Nafamostat Mesylate Protects Against Acute Renal Ischemia-Reperfusion Injury by Alleviating Mitochondrial Dysfunction, Inhibiting Ferroptosis, and Regulating Proximal Tubular Cells: A Multi-Omics Analysis.

Abstract

OBJECTIVE: The present study aims to explore the role of nafamostat mesylate (NM) in ischemia-reperfusion (I/R)-induced acute kidney injury (AKI). METHODS: Twenty-one male rats were randomly divided into three groups: sham, I/R, and I/R + NM groups. Acute renal I/R injury models were created in the I/R and I/R + NM groups by right nephrectomy and clamping the left renal pedicle for 45 min. Rats in the I/R + NM group were intraperitoneally injected with 0.75 mg/kg of NM before modeling. Blood and kidney specimens were collected at 24 h after model establishment.
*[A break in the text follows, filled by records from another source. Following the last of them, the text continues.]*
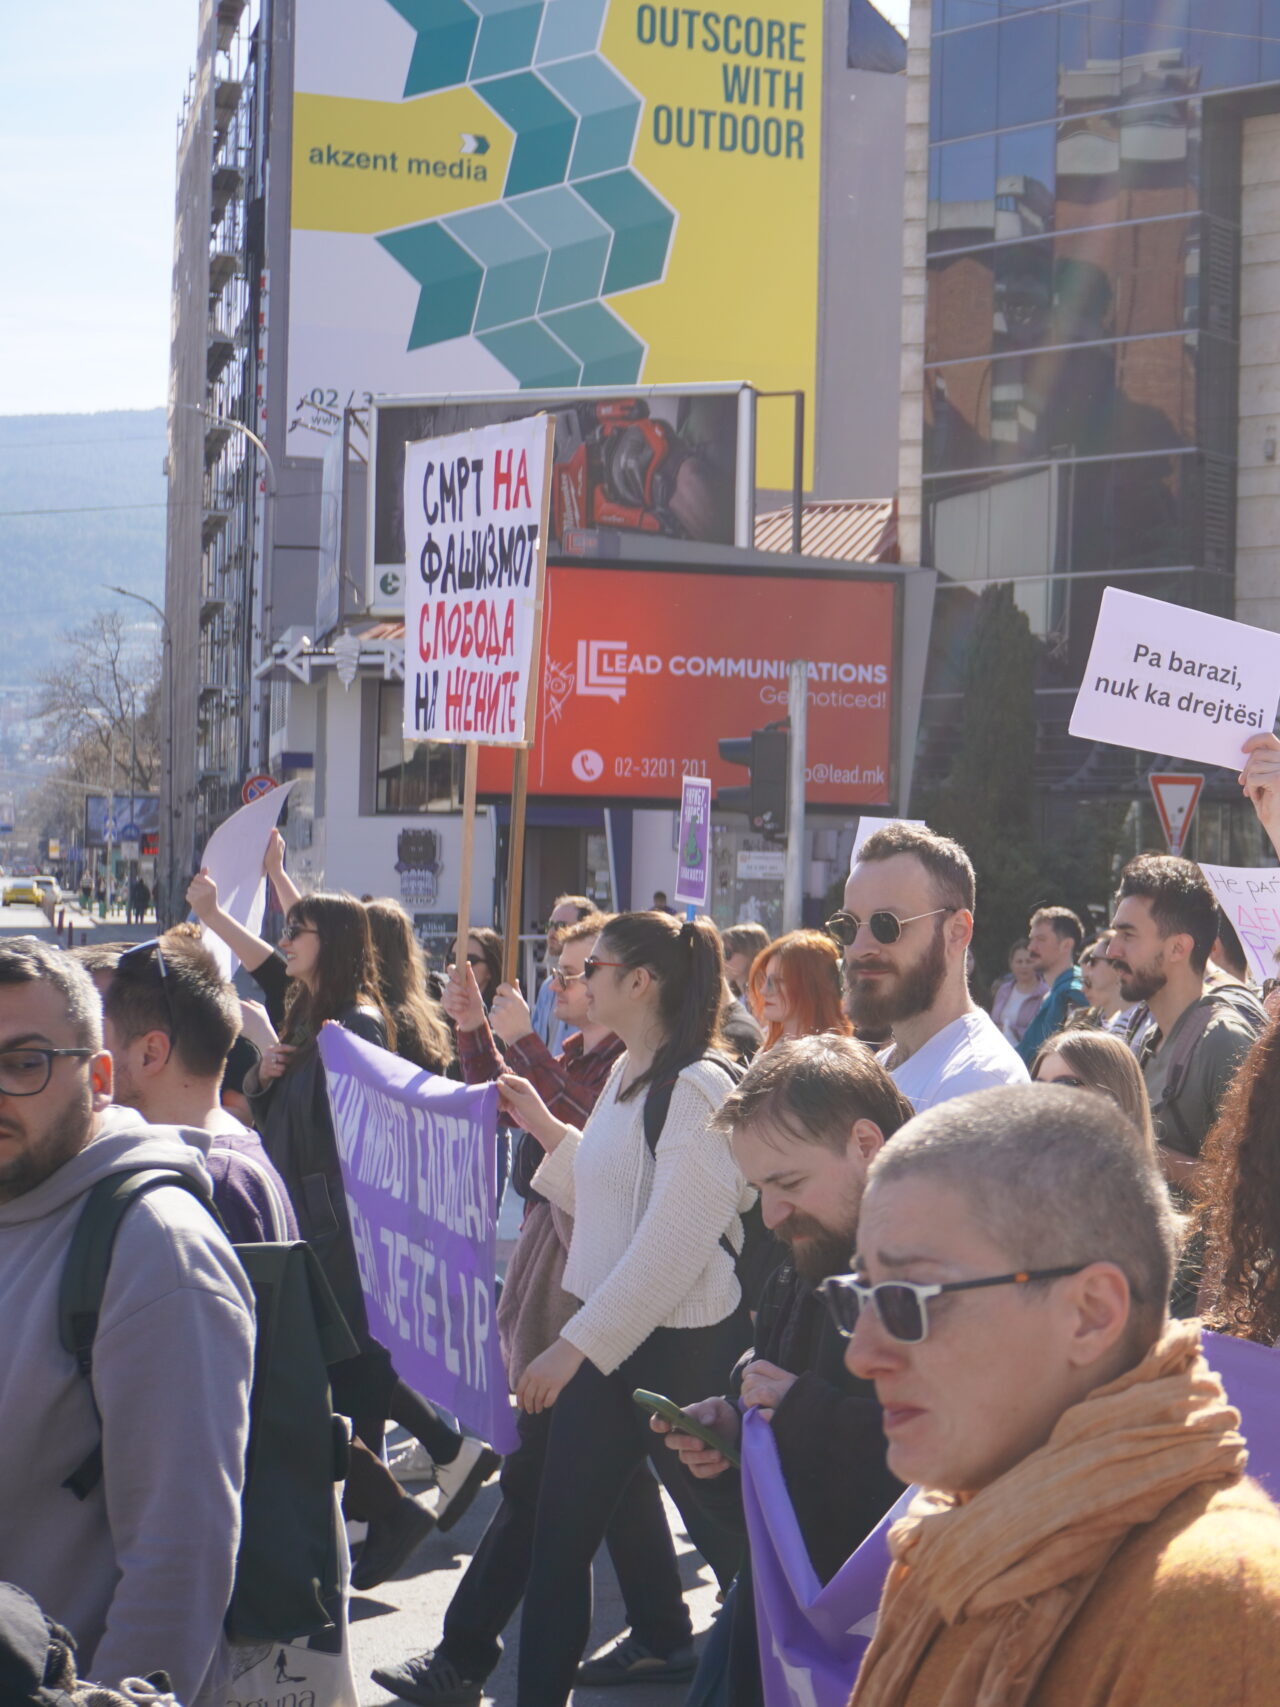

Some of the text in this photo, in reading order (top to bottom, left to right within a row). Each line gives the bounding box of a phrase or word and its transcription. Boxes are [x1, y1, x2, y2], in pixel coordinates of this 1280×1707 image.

[637, 4, 806, 62] OUTSCORE
[722, 63, 803, 111] WITH
[653, 104, 804, 160] OUTDOOR
[308, 144, 488, 182] akzent media
[422, 456, 484, 526] СМРТ
[493, 448, 531, 511] НА
[420, 523, 539, 595] ФАШИЗМОТ
[418, 599, 515, 665] СЛОБОДА
[602, 653, 887, 684] LEAD COMMUNIATIONS
[1132, 643, 1242, 692] Pa barazi,
[445, 666, 520, 735] ЖЕНИТЕ
[759, 686, 887, 709] Ge noticed!
[1094, 676, 1264, 729] nuk ka drejtësi
[614, 757, 707, 778] 02-3201 201
[801, 763, 885, 785] o@lead.mk
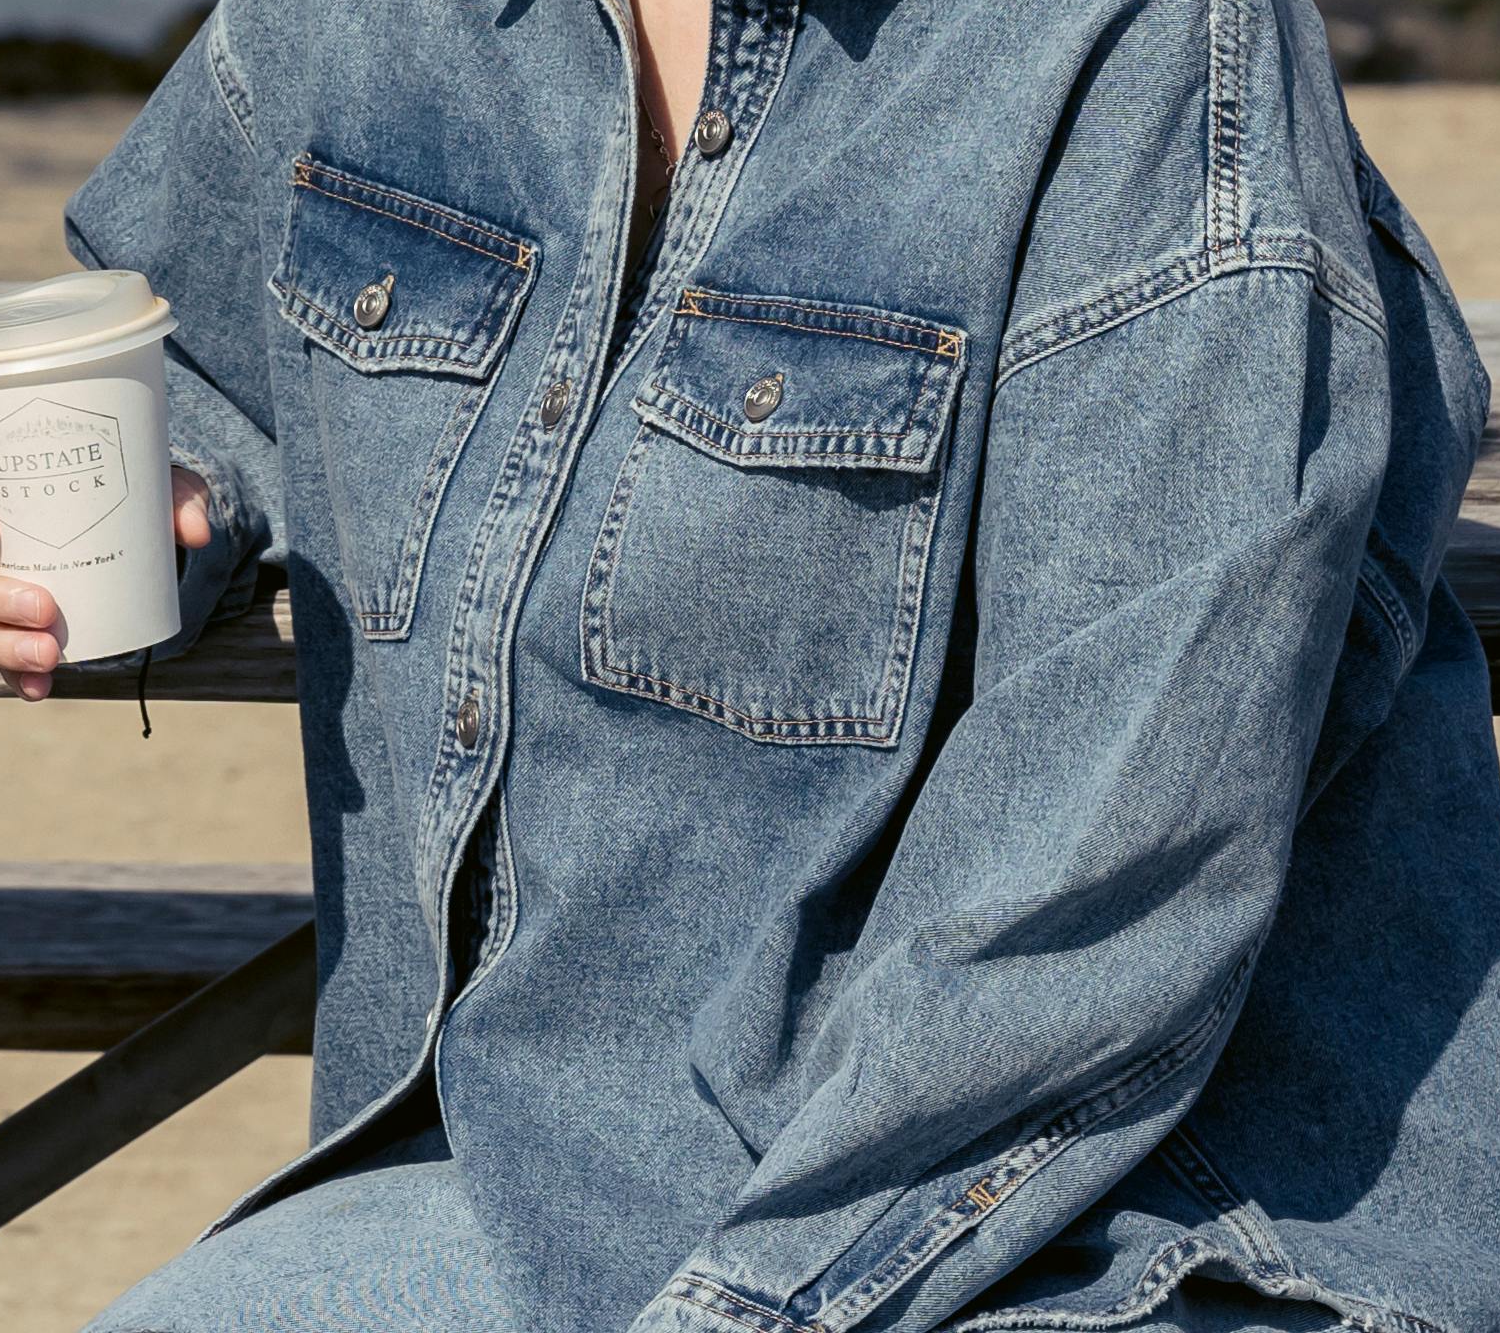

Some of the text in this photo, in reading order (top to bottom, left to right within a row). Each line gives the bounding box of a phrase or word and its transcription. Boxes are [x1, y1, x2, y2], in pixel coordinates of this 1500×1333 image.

[2, 474, 105, 498] STOCK
[33, 564, 56, 572] Made
[60, 562, 69, 572] in
[72, 559, 92, 569] New
[94, 552, 116, 565] York
RNA sequencing (RNA-seq), KEGG and GO enrichment analyses, and single-cell sequencing were carried out to investigate the related mechanisms. RESULTS: The pretreatment with NM improved renal function, reduced mitochondrial damage, suppressed the accumulation of reactive oxygen species, and inhibited ferroptosis. The RNA-seq indicated that NM induced protection by upregulating fatty acids, inhibiting inflammation, and promoting DNA repair. Proximal tubular cells were mainly affected. CONCLUSION: NM protects against AKI by reducing reactive oxygen species, upregulating fatty acids, and regulating ferroptosis signaling pathways in proximal tubular cells.